Surface-Functionalized Hyperbranched Poly(Amido Acid) Magnetic Nanocarriers for Covalent Immobilization of a Bacterial γ-Glutamyltranspeptidase

In this study, we synthesized water-soluble hyperbranched poly(amido acid)s (HBPAAs) featuring multiple terminal CO(2)H units and internal tertiary amino and amido moieties and then used them in conjunction with an in situ Fe(2+/)Fe(3+) co-precipitation process to prepare organic/magnetic nanocarriers comprising uniformly small magnetic iron oxide nanoparticles (NP) incorporated within the globular HBPAAs. Transmission electron microscopy revealed that the HBPAA-γ-Fe(2)O(3) NPs had dimensions of 6–11 nm, significantly smaller than those of the pristine γ-Fe(2)O(3) (20–30 nm). Subsequently, we covalently immobilized a bacterial γ-glutamyltranspeptidase (BlGGT) upon the HBPAA-γ-Fe(2)O(3) nanocarriers through the formation of amide linkages in the presence of a coupling agent. Magnetization curves of the HBPAA-γ-Fe(2)O(3)/BlGGT composites measured at 300 K suggested superparamagnetic characteristics, with a saturation magnetization of 52 emu g(−1).

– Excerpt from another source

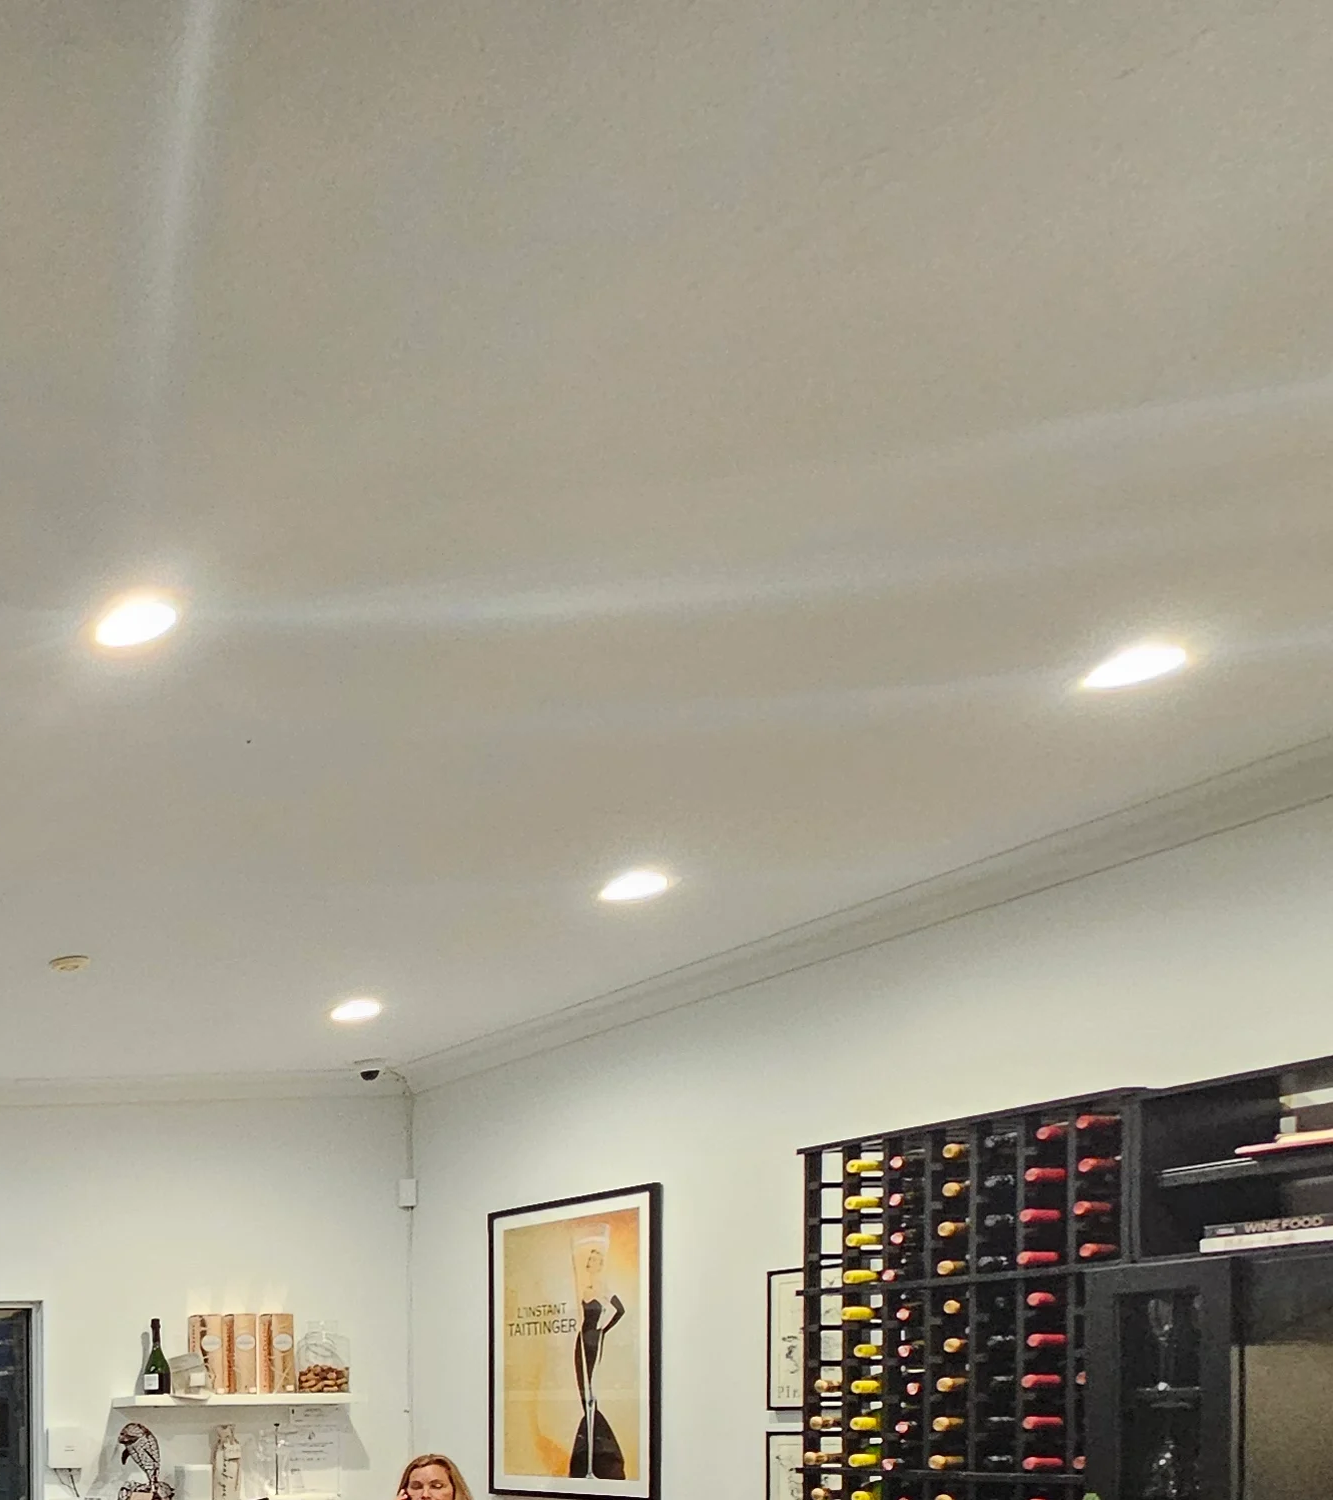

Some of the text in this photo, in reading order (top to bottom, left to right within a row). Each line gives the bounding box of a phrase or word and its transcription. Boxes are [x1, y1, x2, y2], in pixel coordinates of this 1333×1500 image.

[1244, 1214, 1324, 1233] WINE FOOD
[517, 1302, 567, 1319] L'INSTANT
[507, 1318, 578, 1337] TAITTINGER

The loading capacity of BlGGT on the HBPAA-γ-Fe(2)O(3) nanocarriers was 16 mg g(−1) support; this sample provided a 48% recovery of the initial activity. The immobilized enzyme could be recycled 10 times with 32% retention of the initial activity; it had stability comparable with that of the free enzyme during a storage period of 63 days. The covalent immobilization and stability of the enzyme and the magnetization provided by the HBPAA-γ-Fe(2)O(3) NPs suggests that this approach could be an economical means of depositing bioactive enzymes upon nanocarriers for BlGGT-mediated bio-catalysis.